BEGIN Record extracts

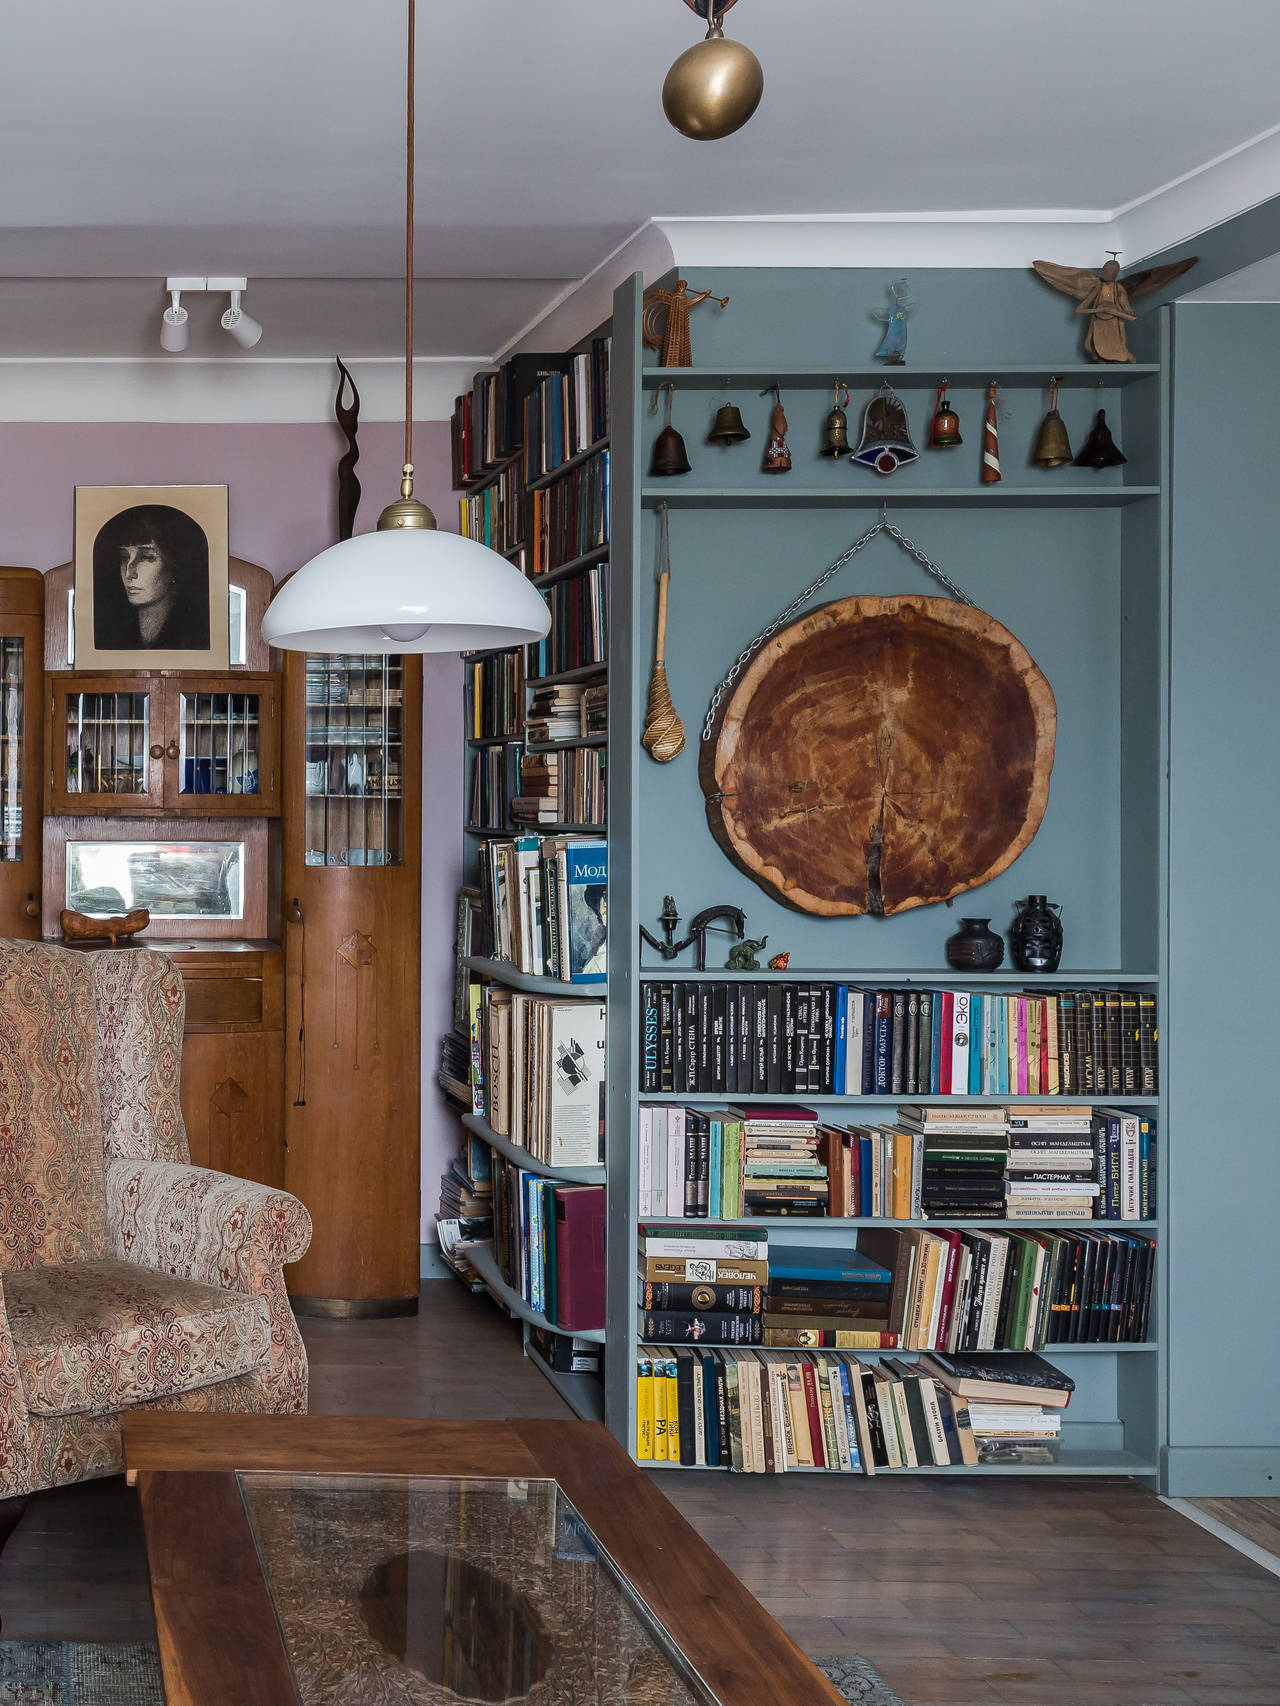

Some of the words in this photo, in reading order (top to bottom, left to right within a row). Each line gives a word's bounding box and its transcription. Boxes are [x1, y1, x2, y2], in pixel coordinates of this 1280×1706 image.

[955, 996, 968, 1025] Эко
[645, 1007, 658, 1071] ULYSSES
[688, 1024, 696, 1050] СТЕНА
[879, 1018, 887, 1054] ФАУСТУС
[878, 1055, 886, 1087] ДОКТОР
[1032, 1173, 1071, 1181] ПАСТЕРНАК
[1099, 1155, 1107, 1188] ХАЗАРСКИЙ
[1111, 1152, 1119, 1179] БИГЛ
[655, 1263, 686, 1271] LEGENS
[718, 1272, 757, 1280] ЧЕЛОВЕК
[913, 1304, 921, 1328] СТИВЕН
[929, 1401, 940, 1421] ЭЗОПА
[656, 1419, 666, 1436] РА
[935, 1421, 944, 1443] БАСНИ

END Record extracts

• The task: Pictures omitted, give the entries again exactly.

• Problem solution:
Some of the words in this photo, in reading order (top to bottom, left to right within a row). Each line gives a word's bounding box and its transcription. Boxes are [x1, y1, x2, y2], in pixel coordinates of this 1280×1706 image.

[955, 996, 968, 1025] Эко
[645, 1007, 658, 1071] ULYSSES
[688, 1024, 696, 1050] СТЕНА
[879, 1018, 887, 1054] ФАУСТУС
[878, 1055, 886, 1087] ДОКТОР
[1032, 1173, 1071, 1181] ПАСТЕРНАК
[1099, 1155, 1107, 1188] ХАЗАРСКИЙ
[1111, 1152, 1119, 1179] БИГЛ
[655, 1263, 686, 1271] LEGENS
[718, 1272, 757, 1280] ЧЕЛОВЕК
[913, 1304, 921, 1328] СТИВЕН
[929, 1401, 940, 1421] ЭЗОПА
[656, 1419, 666, 1436] РА
[935, 1421, 944, 1443] БАСНИ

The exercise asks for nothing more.